> Stored items
--------------------------------
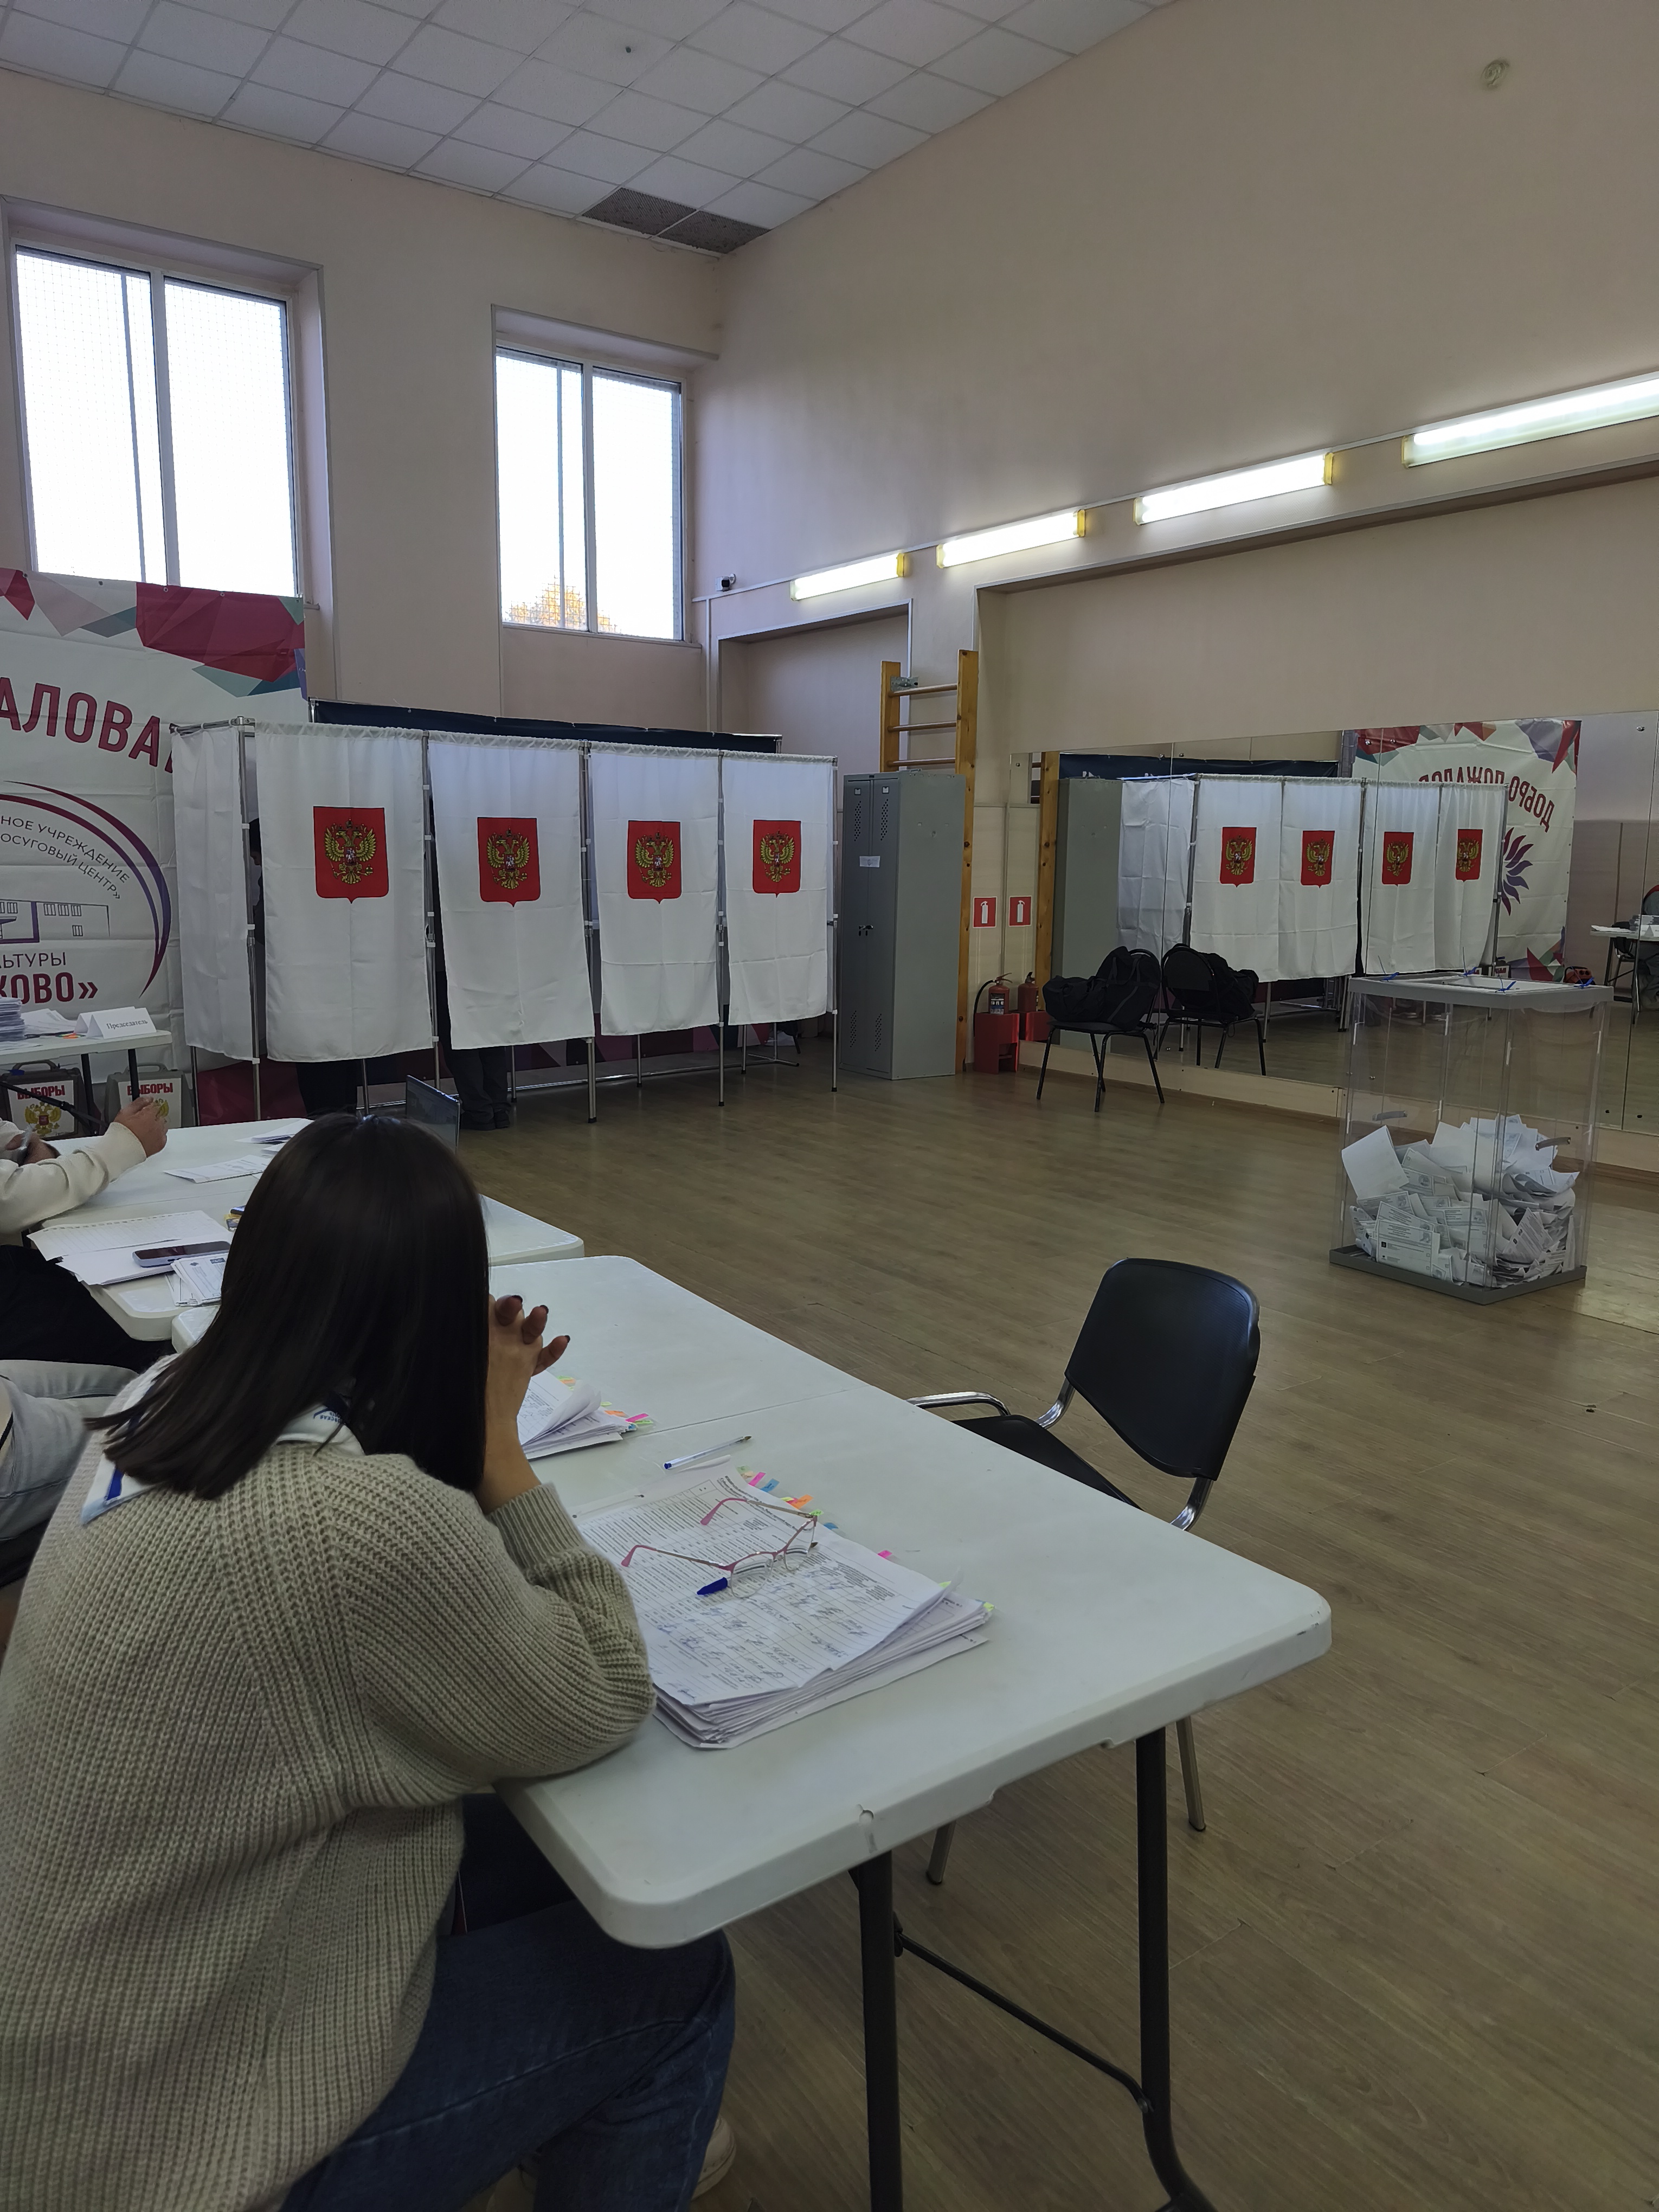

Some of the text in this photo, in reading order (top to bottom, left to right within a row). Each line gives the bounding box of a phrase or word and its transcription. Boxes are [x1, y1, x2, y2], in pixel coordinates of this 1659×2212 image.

[0, 677, 172, 773] АЛОВА
[1, 815, 130, 883] НОЕ УЧРЕЖДЕНИЕ
[1, 833, 120, 899] ОСУГОВЫЙ ЦЕНТР»
[0, 951, 66, 969] ЬТУРЫ
[106, 1019, 149, 1030] Председатель
--------------------------------
> TASK OBJECTIVE
Please write every line above out exactly as given, except for any pictures.

> TASK OUTPUT
Some of the text in this photo, in reading order (top to bottom, left to right within a row). Each line gives the bounding box of a phrase or word and its transcription. Boxes are [x1, y1, x2, y2], in pixel coordinates of this 1659×2212 image.

[0, 677, 172, 773] АЛОВА
[1, 815, 130, 883] НОЕ УЧРЕЖДЕНИЕ
[1, 833, 120, 899] ОСУГОВЫЙ ЦЕНТР»
[0, 951, 66, 969] ЬТУРЫ
[106, 1019, 149, 1030] Председатель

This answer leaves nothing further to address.